The study authors examined the MRI images of the Respondents and discovered that patients who later experienced unexpected cardiac arrest presented subtle changes to the shape of their hearts.

One of the leading study authors, and a professor at the college Dr. Pablo Lamata, stated that several cardiac arrest patients died because no one predicted the episode; however, the study proved that physicians could save lives by halting unnecessary treatments.

It is difficult to determine when patients require a defibrillator

Dr. Pablo further added that the research created implications for physicians to utilize the defibrillator implantation therapies. The study findings revealed that 50% of the listed cases presented initial symptoms that could be prevented by implanting defibrillators in the affected patients.

The study revealed that defibrillators automatically shock the heart back into a normal rhythm following the occurrence of an unpredicted cardiac arrest. Unfortunately, Dr. Pablo revealed that it is hard to determine which patients require the defibrillator.

However, previous studies reported that implanting defibrillators is unnecessary and can lead to various complications. The study authors calculated that approximately 85,000 defibrillators are used every year and that each implantation costs at least €46,000, which is the estimated lifetime cost.

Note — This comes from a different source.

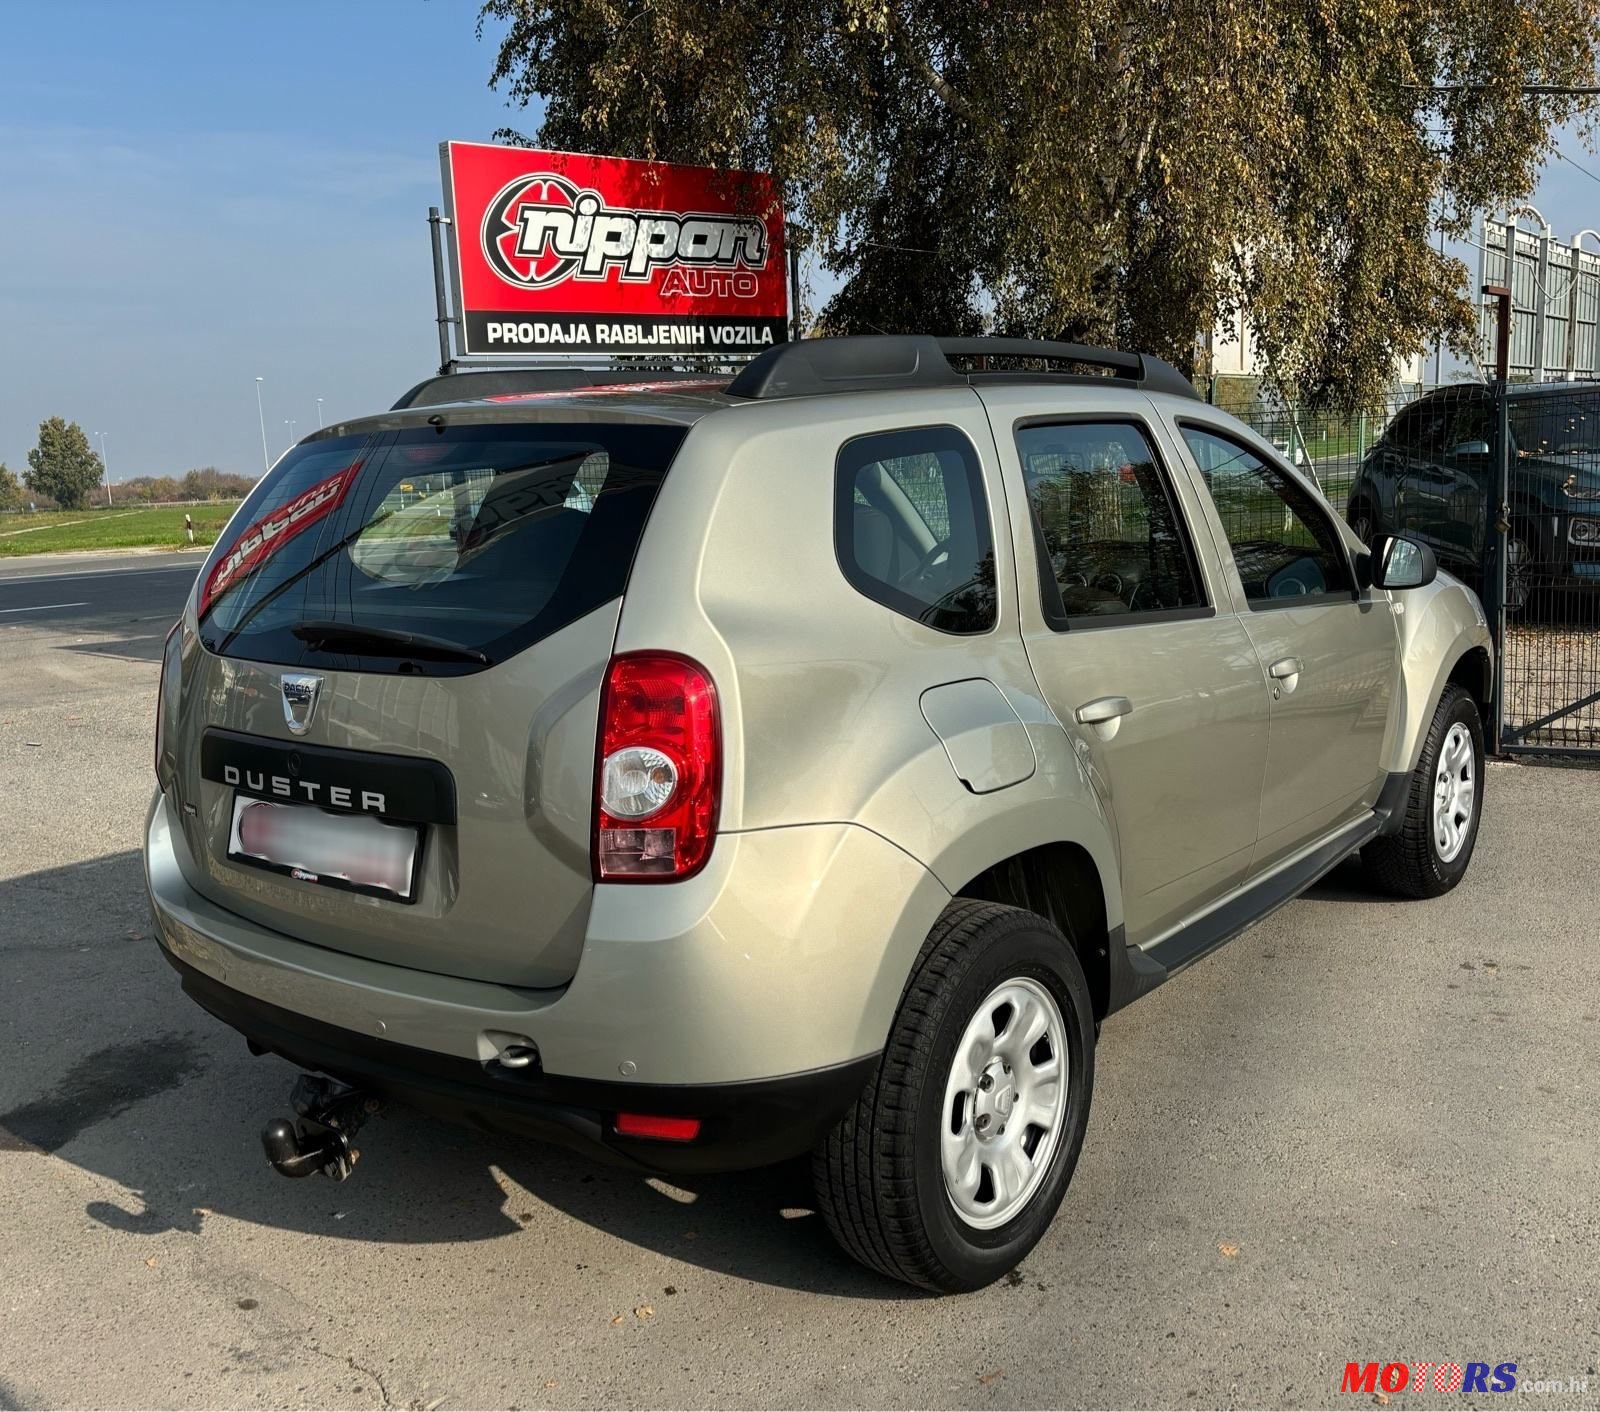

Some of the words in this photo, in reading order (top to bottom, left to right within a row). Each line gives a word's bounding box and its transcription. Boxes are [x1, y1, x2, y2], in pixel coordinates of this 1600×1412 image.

The lifetime costs of implanting a defibrillator are expensive and make the patient experience unnecessary shocks.

Further studies to discover how to prevent sudden cardiac arrests 

Dr. Pablo also revealed that the researchers were investigating practical means to assist the cardiologists in identifying suitable candidates for the implantation. Recently, an online service was developed to issue access information and guidance before the implantation.

Physicians upload the borders of the patient’s hearts under an anonymous account. The platform issues the physician with a risk number that the patient is likely to get a cardiac arrest. The physicians can also utilize the platform to detect other illnesses that can alter the shape of the heart, such as hypertension.